While America had partially recovered from Great Depression before the start of World War II, it was really the war, which put millions of Americans to work for the government and created millions of new jobs to produce the weapons of war necessary to defeat the Axis that put the American economy back on sound footing. With well over 10 million soldiers in the military by the end of the war, demilitarization was neither a small nor insignificant task. The government could not afford to keep all those men and women on their payroll, but to discharge them immediately was just as infeasible and dangerous to America's economic future.

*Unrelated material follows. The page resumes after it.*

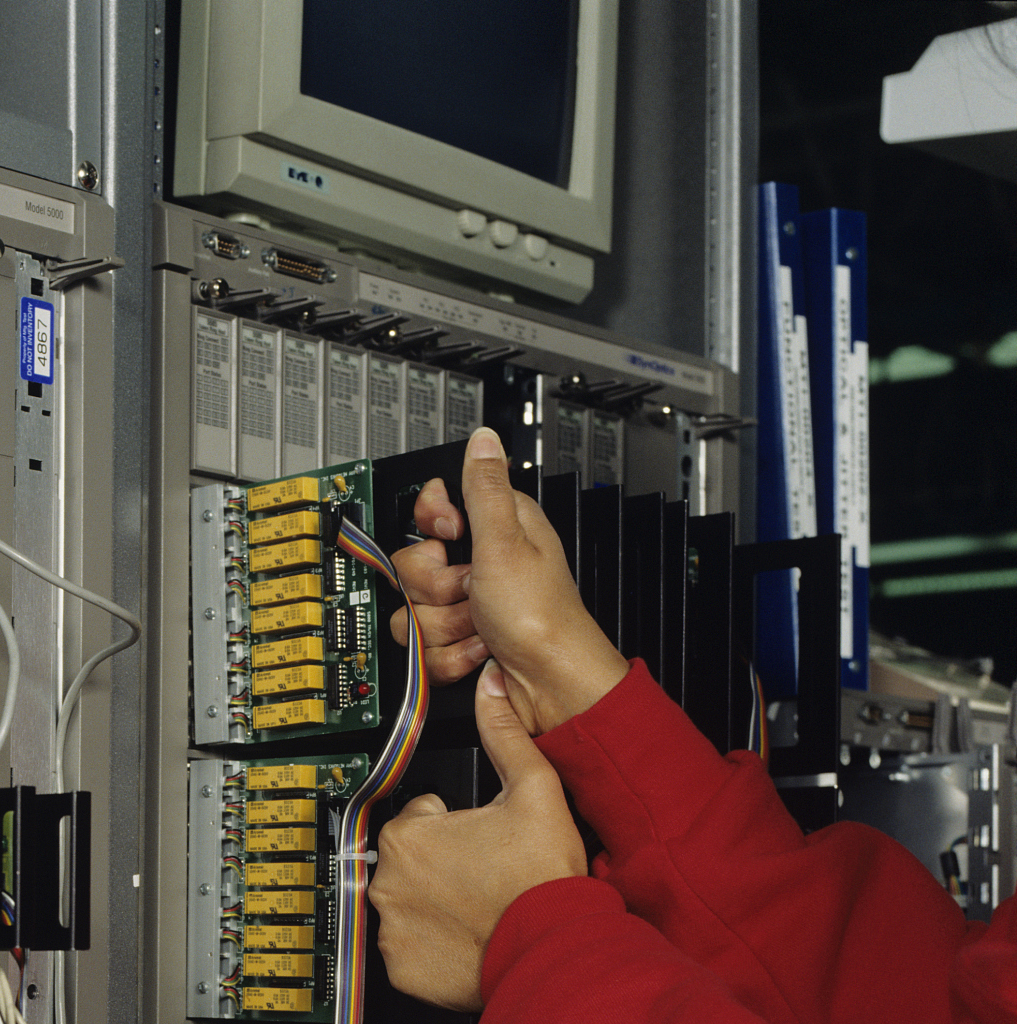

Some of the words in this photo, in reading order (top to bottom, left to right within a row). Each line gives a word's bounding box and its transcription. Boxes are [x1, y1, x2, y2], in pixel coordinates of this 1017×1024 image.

It was both a series of circumstance and deliberate action that pointed towards a solution. While the majority of soldiers were being discharged, the world situation was changing rapidly. The Soviet Union was proving, from an American perspective, to be incorrigible. Communists were making headway in Southeast Asia and parts of Europe. With many inside and outside government clamoring that a monolithic communist power was threatening to envelop all the freedom-loving countries of the world (ignoring how many of America's allies were not democratic and how ideologically different communism was from one country to another), the Soviet Union and communism in general came under the crosshairs.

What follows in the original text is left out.